1. Choose the right beer – More important than choosing the right beer is making sure that everyone you race against knows that your beer choice was the worst one. Nothing will make someone feel worse than losing to you, and then hearing you complain about your foamy beer choice. I have tried a few different beers (Bud Heavy, Bud Ice, and High Life) and still haven’t found the perfect beer. My advice is to pick a beer that is close to 5% and is maybe something that you didn’t puke from in college
2. Get your beer to the right temperature – Too cold and you’ll get brain freeze, too warm you’ll spew like Sam Appleton does every time beer hits his tongue. I like to get the beer out of the fridge about 45minutes before the race starts. Again, complaining about your beer's temperature after the race is a good way to make your competition feel worse.

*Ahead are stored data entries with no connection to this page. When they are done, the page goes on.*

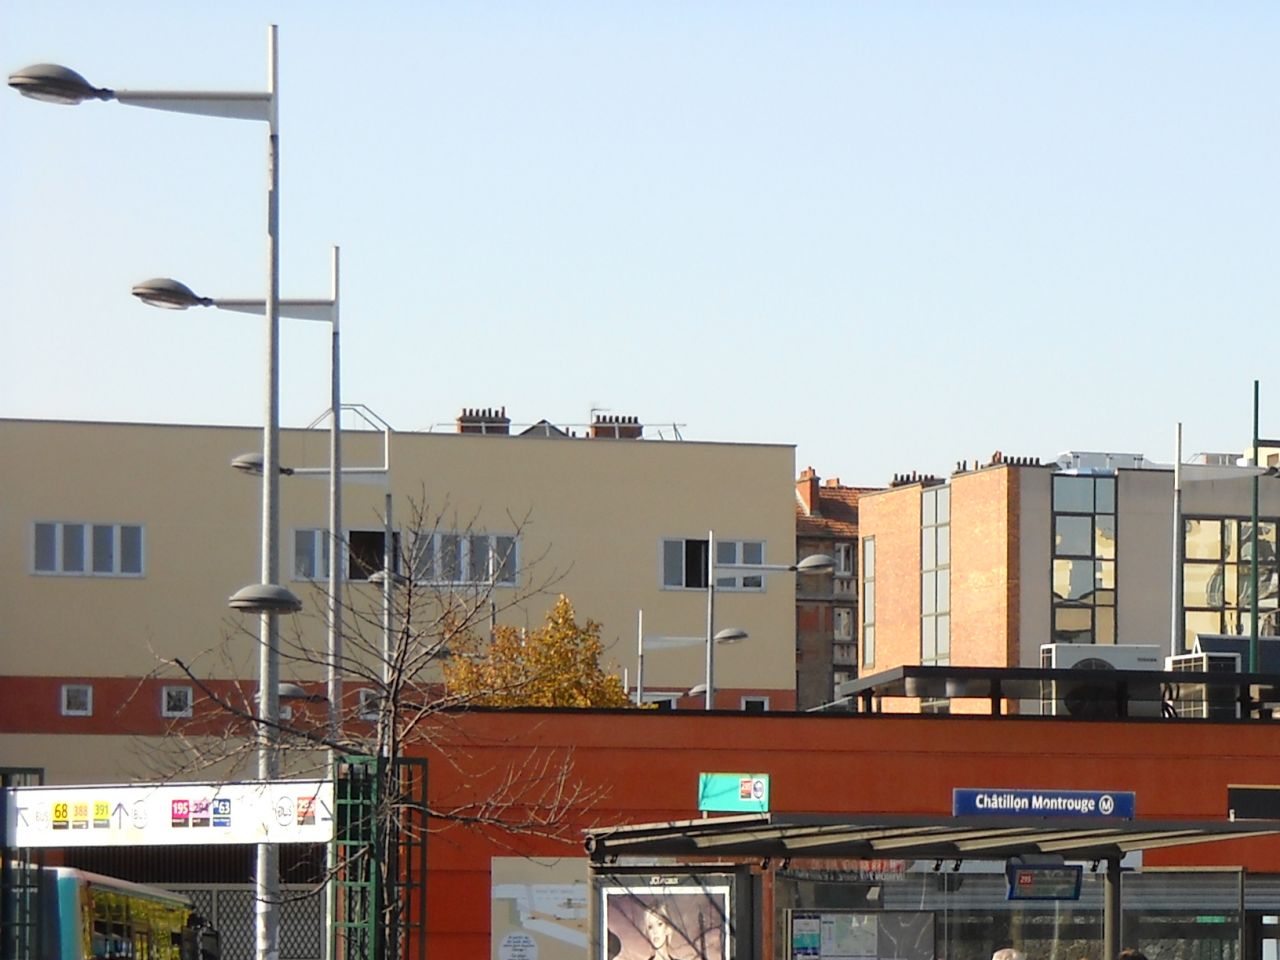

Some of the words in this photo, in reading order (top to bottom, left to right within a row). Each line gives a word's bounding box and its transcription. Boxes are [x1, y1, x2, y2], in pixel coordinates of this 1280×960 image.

[95, 804, 109, 815] 391
[173, 802, 189, 815] 195
[976, 794, 1029, 812] Châtillon
[1032, 796, 1095, 812] Montrouge
[54, 804, 68, 818] 68
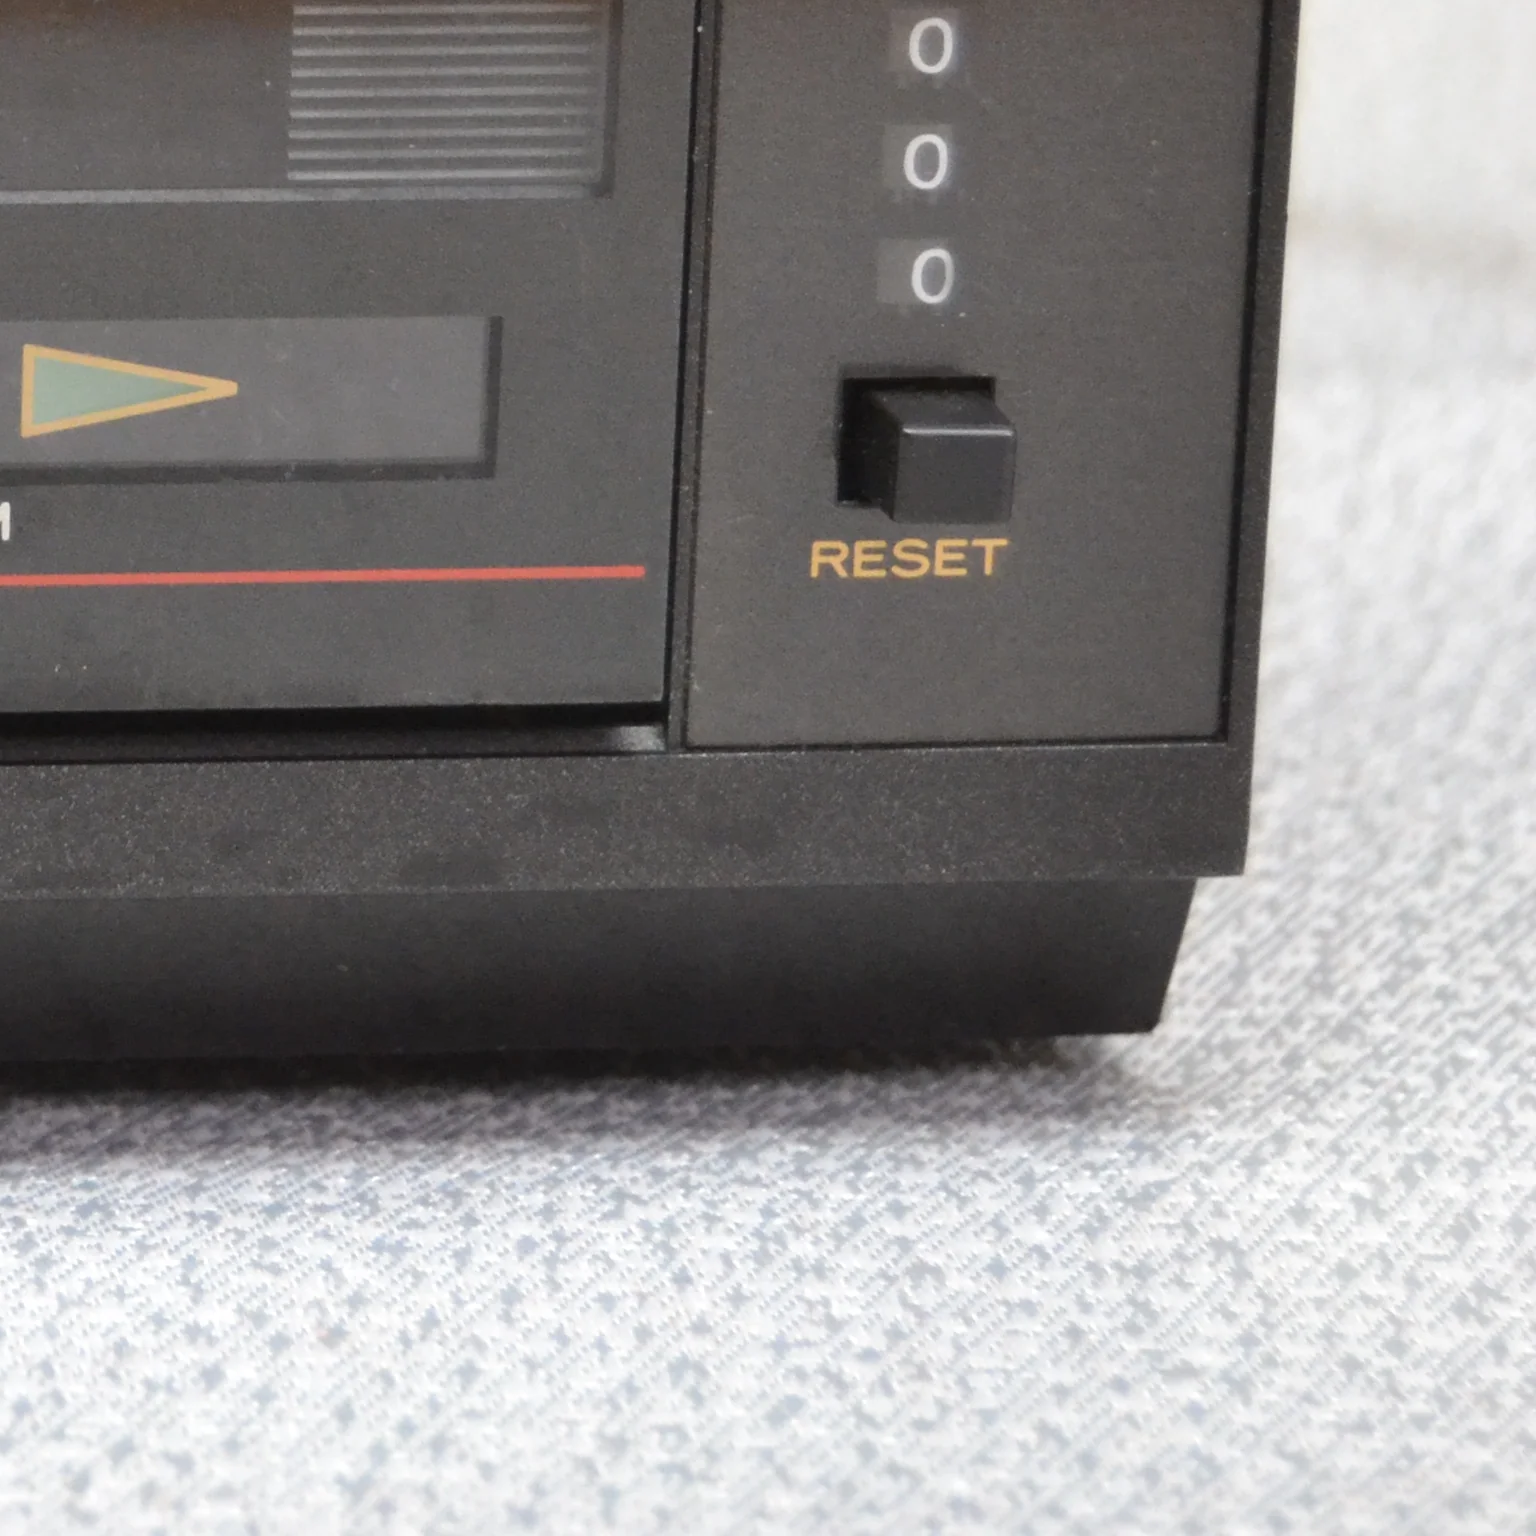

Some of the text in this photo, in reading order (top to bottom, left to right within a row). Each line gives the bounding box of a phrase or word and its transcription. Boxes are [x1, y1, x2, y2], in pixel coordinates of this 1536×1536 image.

[903, 16, 954, 304] 0 0 0
[810, 537, 1009, 579] RESET

3. Talk trash – Winning a beer mile is 5% physical and 95% shit talk. It doesn’t matter if you are a 5 minute beer miler or a 12 minute beer miler, you should talk as much shit as humanly possible before the race. This isn’t triathlon, it’s a freaking beer mile. So have some fun and talk some trash. My favorite beer mile competitors will talk shit for weeks leading into a race, take out the first 400m at 4:00 per mile pace and then crumble to pieces. Heckling your opponents will typically end in one of two ways: embarrassment because you didn’t live up to the hype (*cough* Bryan Rhodes *cough*) or victory because you are too stubborn to back down. Either way, it makes the race WAY more fun.

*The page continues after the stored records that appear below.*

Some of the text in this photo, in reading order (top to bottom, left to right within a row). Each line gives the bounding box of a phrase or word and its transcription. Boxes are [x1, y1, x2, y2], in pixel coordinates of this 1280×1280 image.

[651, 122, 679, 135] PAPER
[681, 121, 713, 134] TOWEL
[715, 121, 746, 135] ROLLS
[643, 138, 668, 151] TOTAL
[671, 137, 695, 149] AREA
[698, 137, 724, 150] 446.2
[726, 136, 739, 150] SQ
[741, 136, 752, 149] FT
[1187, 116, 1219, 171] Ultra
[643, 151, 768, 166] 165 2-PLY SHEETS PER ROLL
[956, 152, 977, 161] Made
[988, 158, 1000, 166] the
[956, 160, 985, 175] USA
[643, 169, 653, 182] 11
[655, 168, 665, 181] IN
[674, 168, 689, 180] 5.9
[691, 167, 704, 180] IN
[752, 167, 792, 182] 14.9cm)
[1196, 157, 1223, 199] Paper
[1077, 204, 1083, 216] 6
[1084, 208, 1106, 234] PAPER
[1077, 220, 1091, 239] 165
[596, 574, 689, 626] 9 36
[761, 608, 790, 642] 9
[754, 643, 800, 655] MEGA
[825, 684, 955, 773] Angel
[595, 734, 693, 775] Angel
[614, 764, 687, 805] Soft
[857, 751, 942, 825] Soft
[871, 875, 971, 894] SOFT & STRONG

4. Make sure to warm up – Before my first beer mile, I chugged 5 beers throughout the afternoon in preparation. I won that race, but good god was that a terrible experience. I will never forget throwing up in my mouth during the warm up lap. I would never do that again, but it isn’t a bad idea to have a few sips or even a whole beer before the race. Oh, you should probably run a little bit too since you will be running the most anaerobic mile of your entire life.
5. Burp – The key to a solid lap after your chug is the burp. I like to take the first 5 - 10sec of the lap easier so I can focus on burping. If you don’t do this, you will definitely be puking before the race is over. I like to run the middle portion of each lap hard and then try to settle in before the next beer. If you sprint to your beer, there is no way you will be able to hold your breath during the chug. This plan may get thrown out the window when your idiot friend decides to sprint the whole first lap, but hey, it’s a race!

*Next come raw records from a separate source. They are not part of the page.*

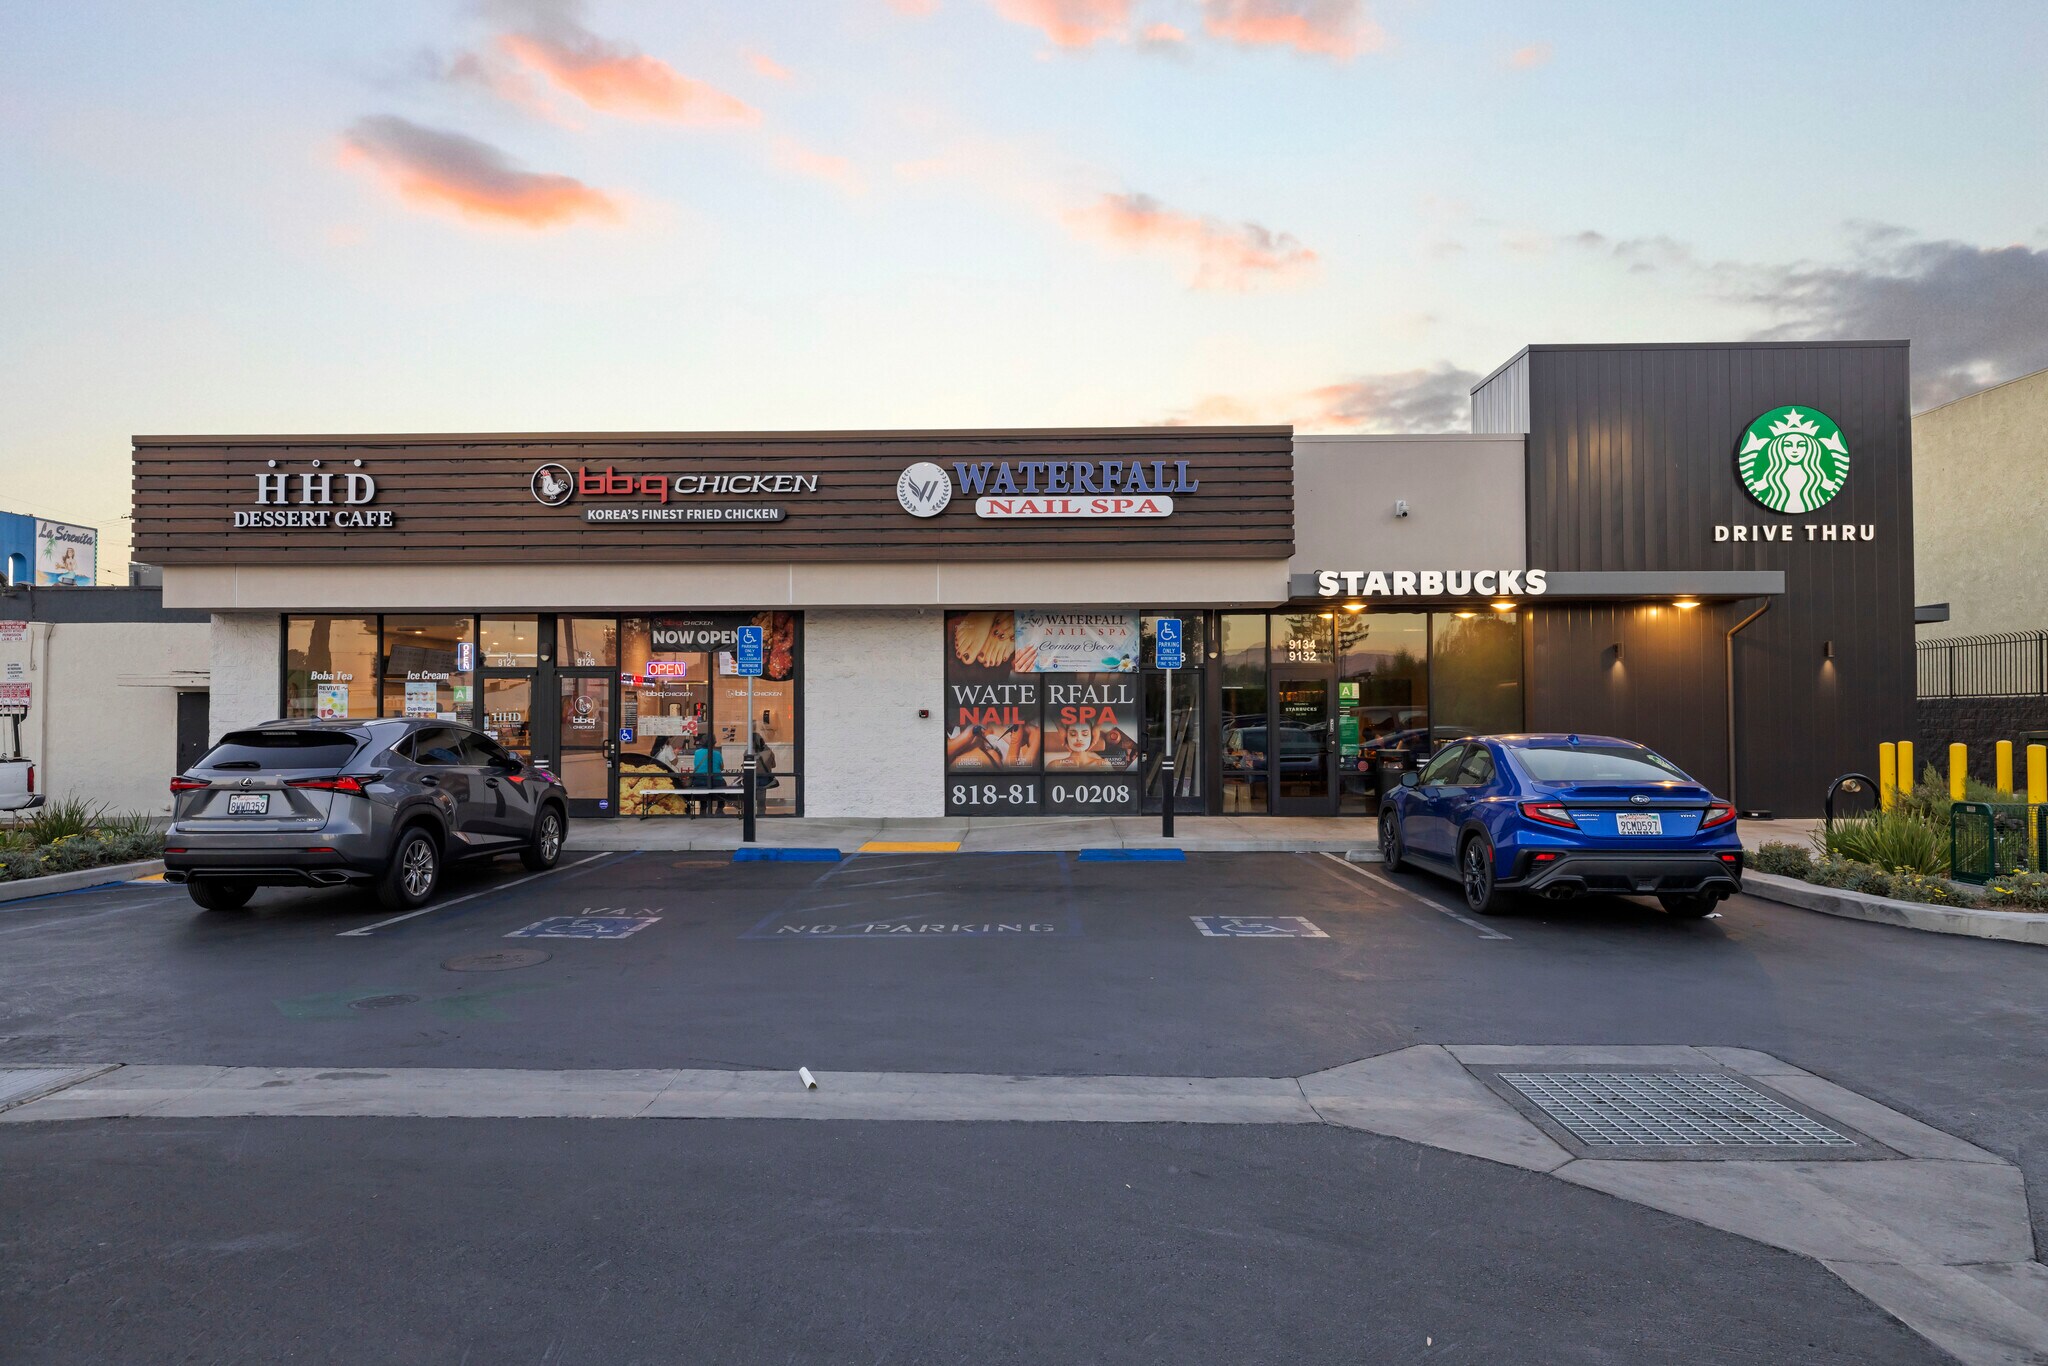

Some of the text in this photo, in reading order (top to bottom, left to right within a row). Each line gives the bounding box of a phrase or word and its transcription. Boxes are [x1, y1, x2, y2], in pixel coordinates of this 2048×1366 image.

[953, 461, 1199, 494] WATERFALL
[255, 473, 376, 504] HHD
[674, 475, 818, 494] CHICKEN
[986, 498, 1162, 515] NAIL SPA
[233, 510, 393, 528] DESSERT CAFE
[587, 507, 779, 521] KOREA’S FINEST FRIED CHICKEN
[38, 522, 94, 546] La Sirenita
[1714, 524, 1875, 542] DRIVE THRU
[1318, 569, 1547, 596] STARBUCKS
[1046, 614, 1127, 625] WATERFALL
[652, 630, 738, 644] NOW OPEN
[1046, 627, 1127, 636] NAIL SPA
[1039, 641, 1115, 652] Coming Soon
[1288, 639, 1317, 650] 9134
[1288, 651, 1317, 661] 9132
[498, 659, 516, 667] 9124
[577, 658, 595, 667] 9126
[407, 670, 449, 680] Ice Cream
[649, 664, 683, 675] OPEN
[311, 671, 353, 680] Boba Tea
[456, 690, 464, 699] A
[952, 685, 1134, 704] WATE RFALL
[1341, 686, 1350, 696] A
[493, 713, 521, 722] HHD
[959, 706, 1119, 725] NAIL SPA
[952, 784, 1130, 805] 818-81 0-0208
[1620, 821, 1657, 831] 9CMD597
[776, 924, 1053, 934] NO PARKING

6. Save something for the last beer – Beer #4 is where the race is won or lost. In Kona this year, I shut down a huge gap by dropping a 65sec 3rd lap, only to blow to pieces on the last chug. If you ever want to be in control of your race, it’s coming into that last chug. All race plans go out the window when that 4th beer starts to go down. Since you ARE allowed to puke after you finish the race, I chug that beer and then just sprint my ass off. You can hold anything down for 1 lap.
7. Bring extra beer – Some people bring extra beer to keep the party going. That is a good idea too. But I like to bring some extra beers to explode all over the crowd of spectators and even some of the losers. Even if you didn’t win the race, feel free to explode as many beers as you like. This isn’t a triathlon podium where only the winners get to pop Champagne. In the beer mile, everyone is a champion and can act like one after the race. Maybe just avoid soaking your designated drive with beer.